Prior to that, Abouelnaga led the carbon management portfolio at the Center for Climate and Energy Solutions where he engaged policymakers and business leaders on global policies needed to support carbon management technologies. Abouelnaga also worked for bioMérieux, a biotechnology company, at their headquarters in France. His work focused on several dimensions of climate change management: strategy, risk management, and carbon assessment—and reporting with a focus on enhancing the reporting of supply chain (Scope 3) greenhouse gas emissions. He also co-founded CAREforSeven, an initiative that promotes UN Sustainable Development goal seven—affordable and clean energy—by training students to develop solar chargers from electronic waste. His prior experience also includes working as a petroleum engineer in Egypt.

Abouelnaga’s work has been featured in different magazines and he has been quoted by various media outlets including Bloomberg, Energy Daily, EnergyWire, Nature, Enterprise, and Politica Exterior. He was selected by the Posterity Institute and the United Arab Emirates’ Ministry of Climate Change and Environment as one of the twenty young sustainability pioneers in the Middle East and North Africa. He was also selected by the World Energy Council as one of the future energy leaders who will work with the US Member Committee on advancing the energy transition on the road to the twenty-sixth World Energy Congress in Rotterdam in 2024.

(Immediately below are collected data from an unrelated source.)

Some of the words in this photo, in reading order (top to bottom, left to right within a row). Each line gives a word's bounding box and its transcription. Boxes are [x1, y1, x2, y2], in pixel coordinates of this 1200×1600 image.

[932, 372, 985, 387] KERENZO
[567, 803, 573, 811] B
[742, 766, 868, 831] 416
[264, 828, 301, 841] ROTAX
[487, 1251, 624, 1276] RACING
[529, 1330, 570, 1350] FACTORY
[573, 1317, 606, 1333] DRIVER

Abouelnaga was part of the inaugural class of Obama scholars at the Harris School of Public Policy at the University of Chicago, where he earned an MA in international development and policy and a certificate in energy and environmental policy. He also holds an MSc in sustainable energy engineering from KTH Royal Institute of Technology in Stockholm, an MSc in environmental management from Universidad Politecnica de Madrid, and a BS with honors in petroleum engineering from Suez University.